• _Given entries_
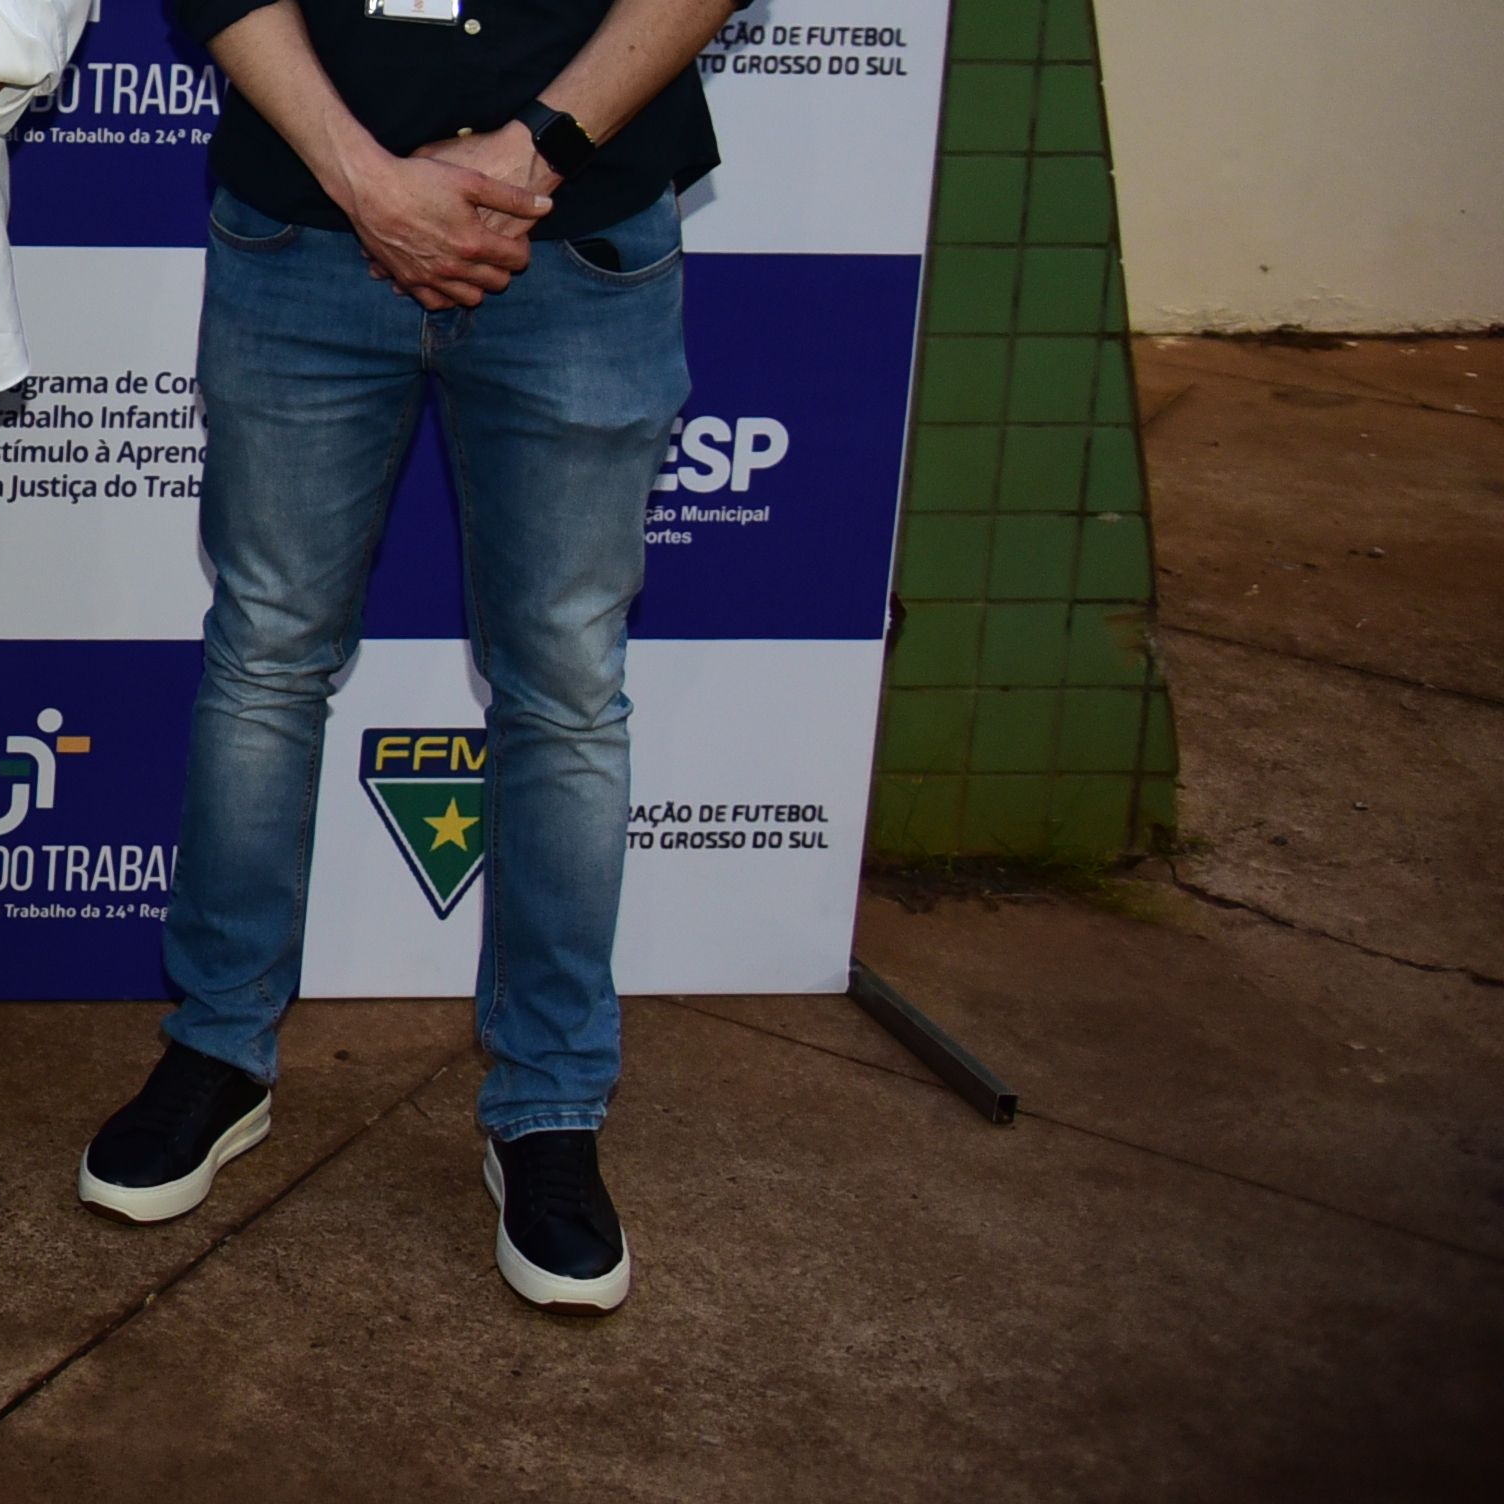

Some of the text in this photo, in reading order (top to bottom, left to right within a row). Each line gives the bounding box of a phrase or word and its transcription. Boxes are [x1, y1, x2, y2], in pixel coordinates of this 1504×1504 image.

[773, 26, 801, 45] DE
[807, 27, 907, 47] FUTEBOL
[699, 55, 907, 76] TO GROSSO DO SUL
[88, 63, 229, 115] TRABA
[24, 128, 45, 142] do
[50, 128, 125, 143] Trabalho
[129, 128, 150, 144] da
[116, 371, 147, 393] de
[101, 405, 195, 428] Infantil
[95, 439, 109, 463] à
[7, 474, 202, 504] Justiça do Trab
[681, 506, 769, 525] Municipal
[645, 529, 692, 544] ortes
[376, 737, 486, 770] FFM
[699, 805, 726, 822] DE
[732, 805, 828, 822] FUTEBOL
[627, 831, 828, 849] TO GROSSO DO SUL
[42, 845, 177, 891] TRABA
[5, 904, 76, 918] Trabalho
[81, 905, 100, 918] da
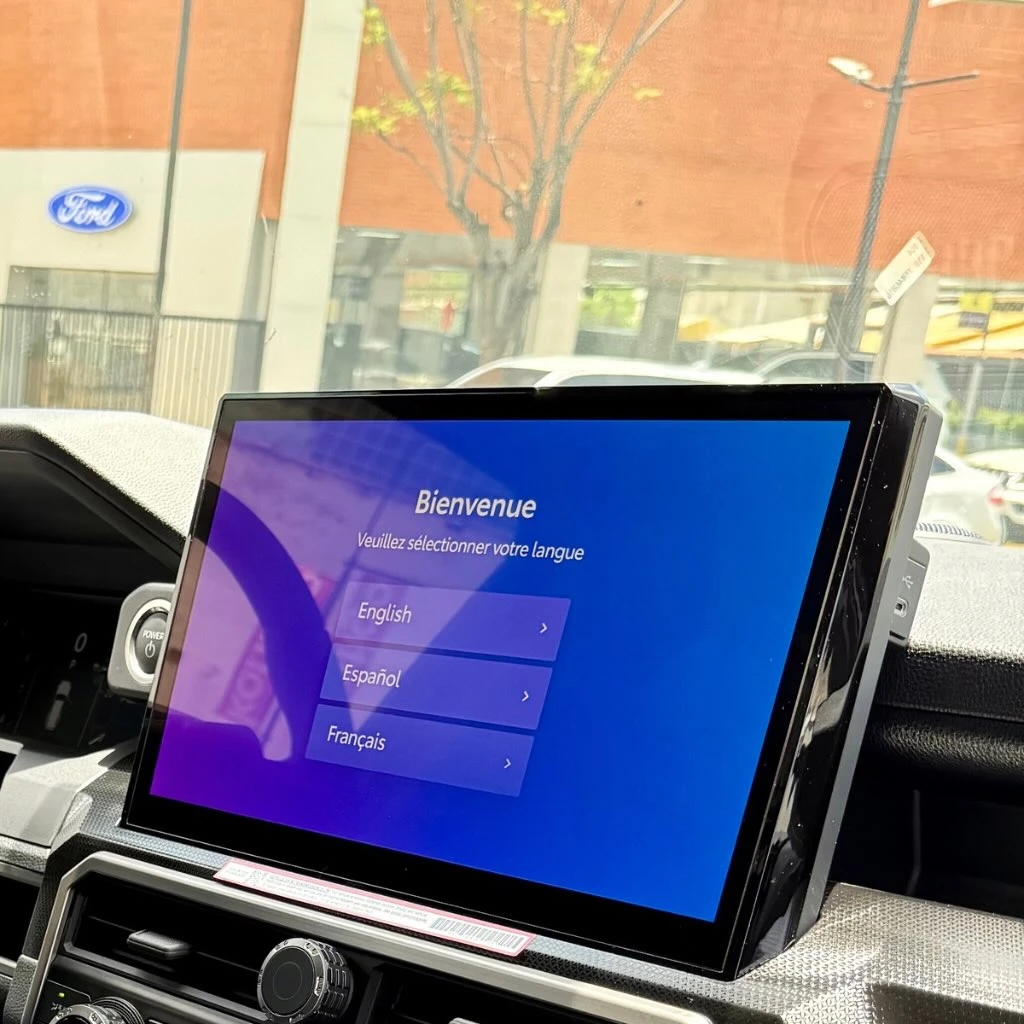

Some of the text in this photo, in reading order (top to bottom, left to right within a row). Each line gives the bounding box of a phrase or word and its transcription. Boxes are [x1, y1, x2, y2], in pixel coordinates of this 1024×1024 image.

[57, 192, 120, 227] Ford
[414, 489, 537, 518] Bienvenue
[357, 532, 585, 563] Veuillez sélectionner votre langue
[357, 602, 412, 625] English
[142, 629, 165, 641] POWER
[342, 663, 401, 689] Español
[326, 724, 386, 752] Français
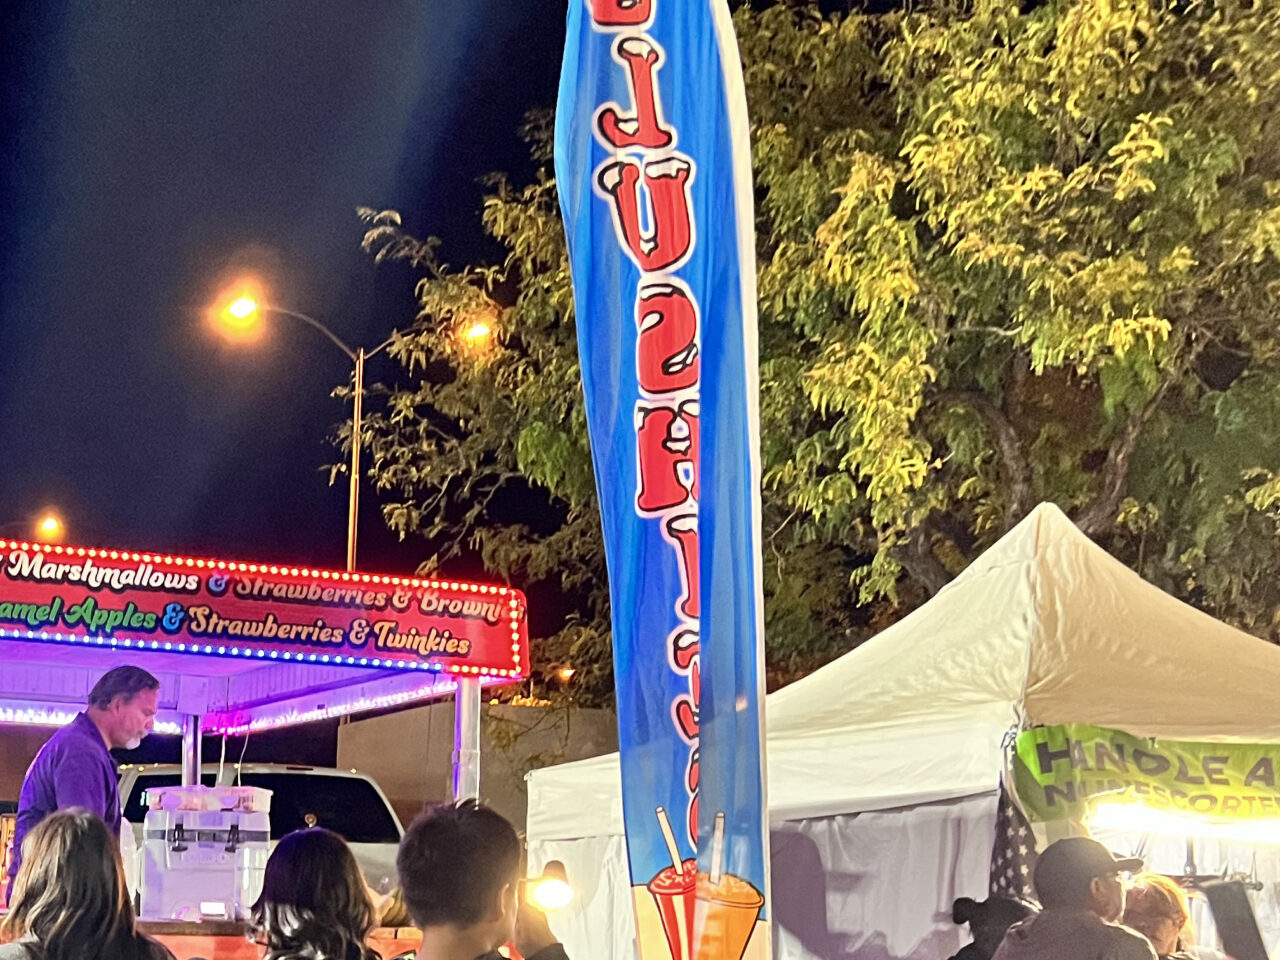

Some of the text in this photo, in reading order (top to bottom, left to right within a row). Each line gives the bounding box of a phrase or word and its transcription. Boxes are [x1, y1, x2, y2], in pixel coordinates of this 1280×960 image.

[8, 550, 199, 590] Marshmallows
[235, 576, 387, 607] Strawberries
[392, 586, 413, 609] &
[64, 597, 157, 633] Apples
[162, 604, 184, 631] &
[188, 606, 345, 644] Strawberries
[349, 619, 370, 646] &
[374, 621, 470, 655] Twinkies
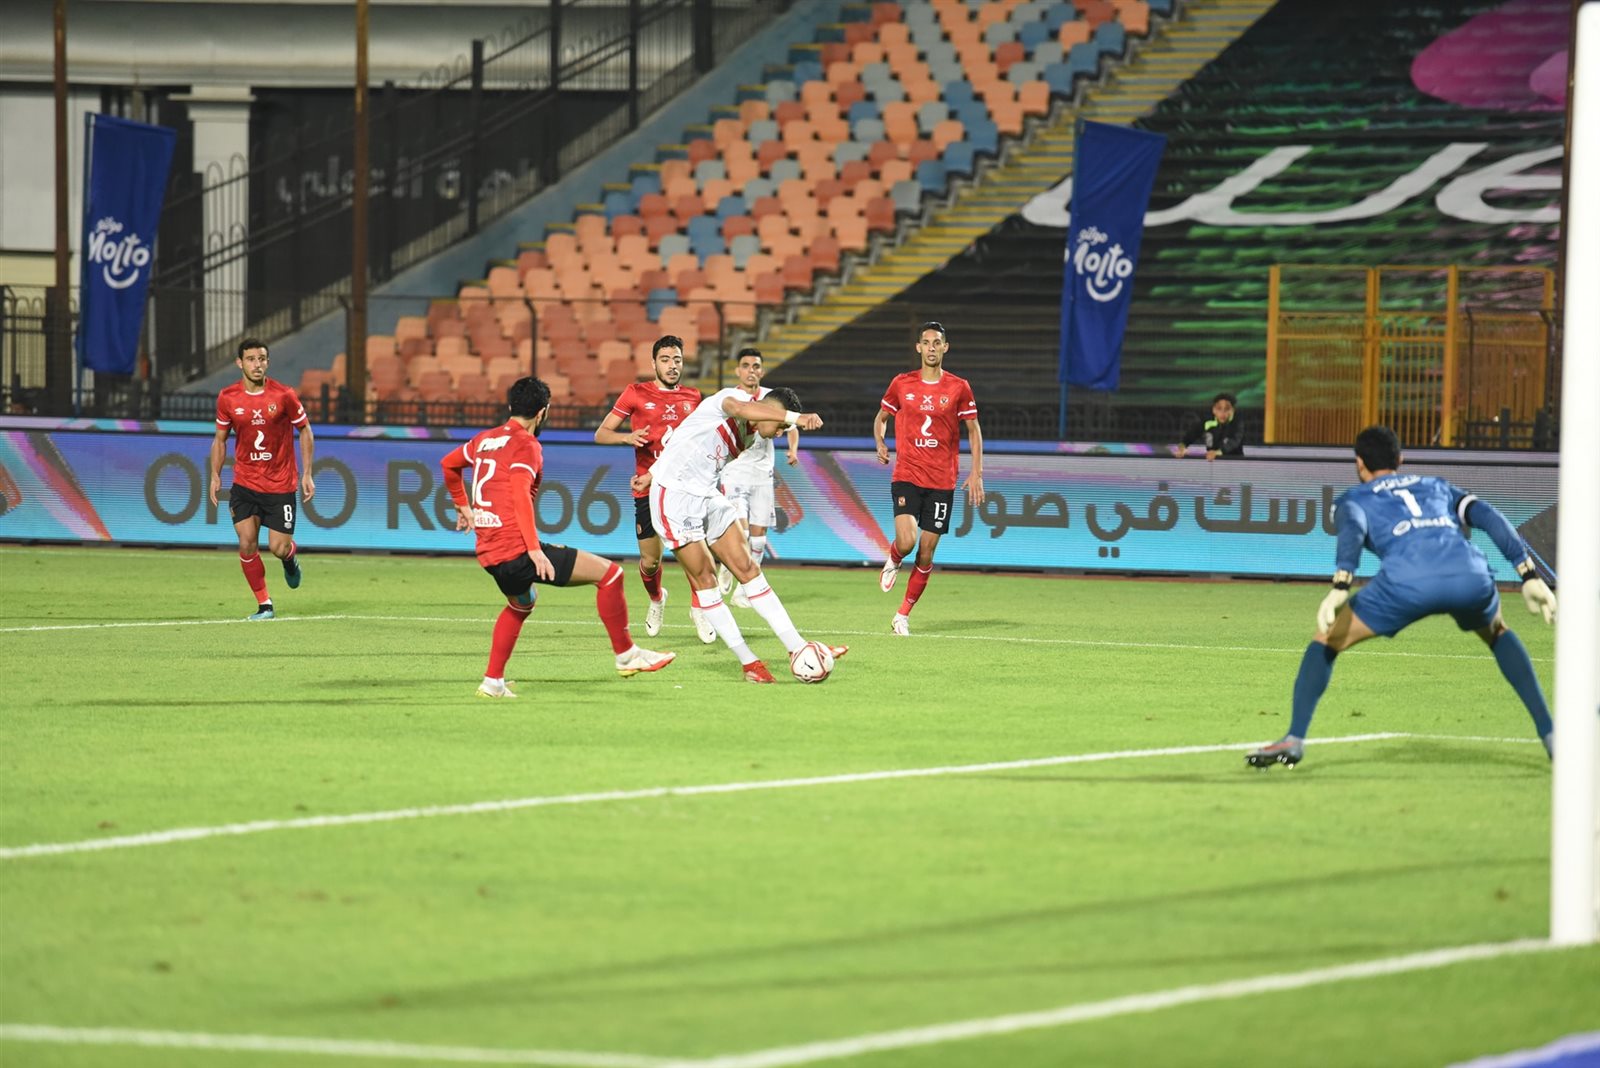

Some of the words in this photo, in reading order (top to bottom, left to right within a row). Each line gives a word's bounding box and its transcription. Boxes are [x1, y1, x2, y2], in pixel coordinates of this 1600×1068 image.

[472, 457, 497, 507] 12
[283, 504, 293, 522] 8
[934, 501, 948, 521] 13
[955, 491, 1070, 539] صور
[1085, 481, 1180, 558] في
[1393, 488, 1423, 518] 1
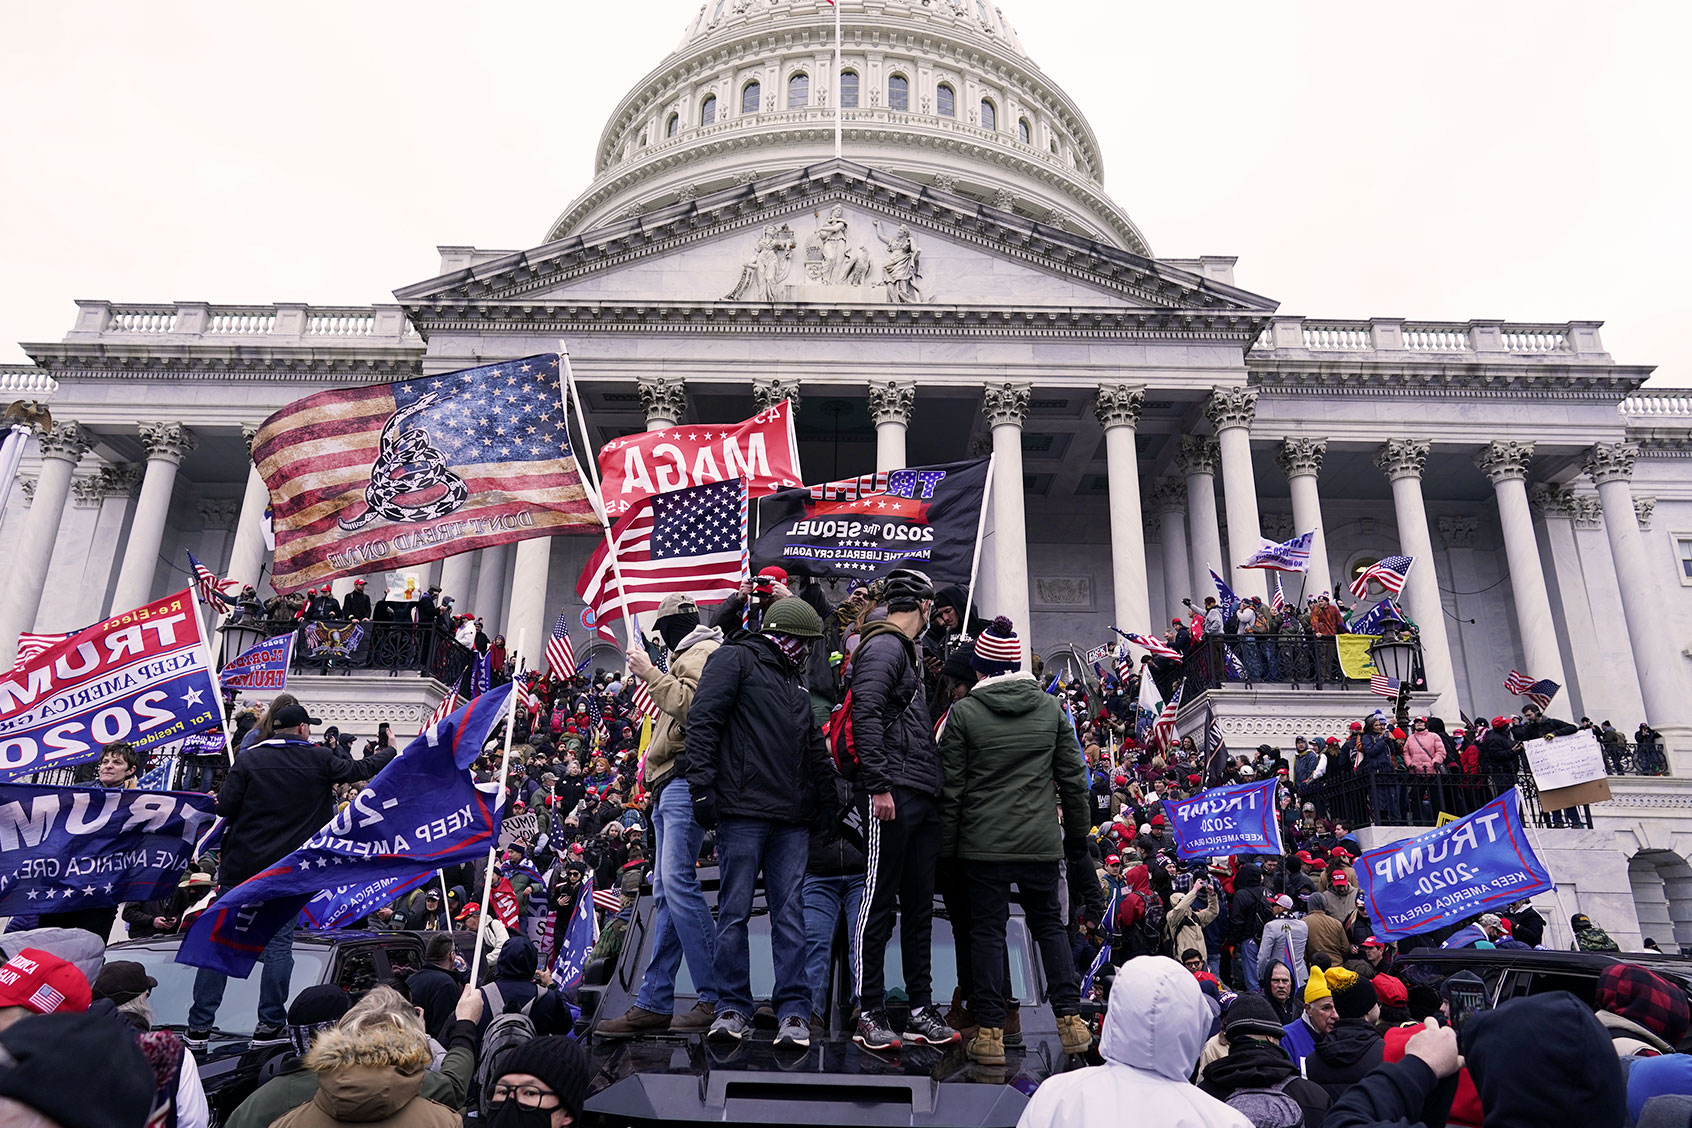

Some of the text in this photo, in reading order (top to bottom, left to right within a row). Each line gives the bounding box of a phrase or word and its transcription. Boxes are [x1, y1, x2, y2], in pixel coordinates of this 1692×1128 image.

[501, 814, 536, 833] RUMP
[7, 953, 40, 975] MERICA
[0, 967, 21, 986] GAIN

• _Work required_
Output the entries verbatim but drop the images.

• _Completed exercise_
Some of the text in this photo, in reading order (top to bottom, left to right within a row). Each line gives the bounding box of a phrase or word and its transcription. Boxes are [x1, y1, x2, y2], in pixel coordinates of this 1504×1504 image.

[773, 26, 801, 45] DE
[807, 27, 907, 47] FUTEBOL
[699, 55, 907, 76] TO GROSSO DO SUL
[88, 63, 229, 115] TRABA
[24, 128, 45, 142] do
[50, 128, 125, 143] Trabalho
[129, 128, 150, 144] da
[116, 371, 147, 393] de
[101, 405, 195, 428] Infantil
[95, 439, 109, 463] à
[7, 474, 202, 504] Justiça do Trab
[681, 506, 769, 525] Municipal
[645, 529, 692, 544] ortes
[376, 737, 486, 770] FFM
[699, 805, 726, 822] DE
[732, 805, 828, 822] FUTEBOL
[627, 831, 828, 849] TO GROSSO DO SUL
[42, 845, 177, 891] TRABA
[5, 904, 76, 918] Trabalho
[81, 905, 100, 918] da

Some of the text in this photo, in reading order (top to bottom, left to right within a row). Each line gives the bounding box of a phrase or word and its transcription. Boxes are [x1, y1, x2, y2], in pixel coordinates of this 1024×1024 image.

[57, 192, 120, 227] Ford
[414, 489, 537, 518] Bienvenue
[357, 532, 585, 563] Veuillez sélectionner votre langue
[357, 602, 412, 625] English
[142, 629, 165, 641] POWER
[342, 663, 401, 689] Español
[326, 724, 386, 752] Français

Some of the text in this photo, in reading order (top to bottom, left to right within a row). Each line gives the bounding box of a phrase or word and its transcription. Boxes are [x1, y1, x2, y2], in pixel coordinates of this 1280×960 image.

[8, 550, 199, 590] Marshmallows
[235, 576, 387, 607] Strawberries
[392, 586, 413, 609] &
[64, 597, 157, 633] Apples
[162, 604, 184, 631] &
[188, 606, 345, 644] Strawberries
[349, 619, 370, 646] &
[374, 621, 470, 655] Twinkies

Some of the words in this photo, in reading order (top to bottom, left to right within a row). Each line gives a word's bounding box and its transcription. Boxes are [x1, y1, x2, y2], in pixel coordinates of this 1600×1068 image.

[472, 457, 497, 507] 12
[283, 504, 293, 522] 8
[934, 501, 948, 521] 13
[955, 491, 1070, 539] صور
[1085, 481, 1180, 558] في
[1393, 488, 1423, 518] 1

Some of the text in this photo, in reading order (top to bottom, left to right within a row). Each line gives the bounding box of a phrase or word and its transcription. Boxes are [x1, y1, x2, y2], in pixel coordinates of this 1692×1128 image.

[501, 814, 536, 833] RUMP
[7, 953, 40, 975] MERICA
[0, 967, 21, 986] GAIN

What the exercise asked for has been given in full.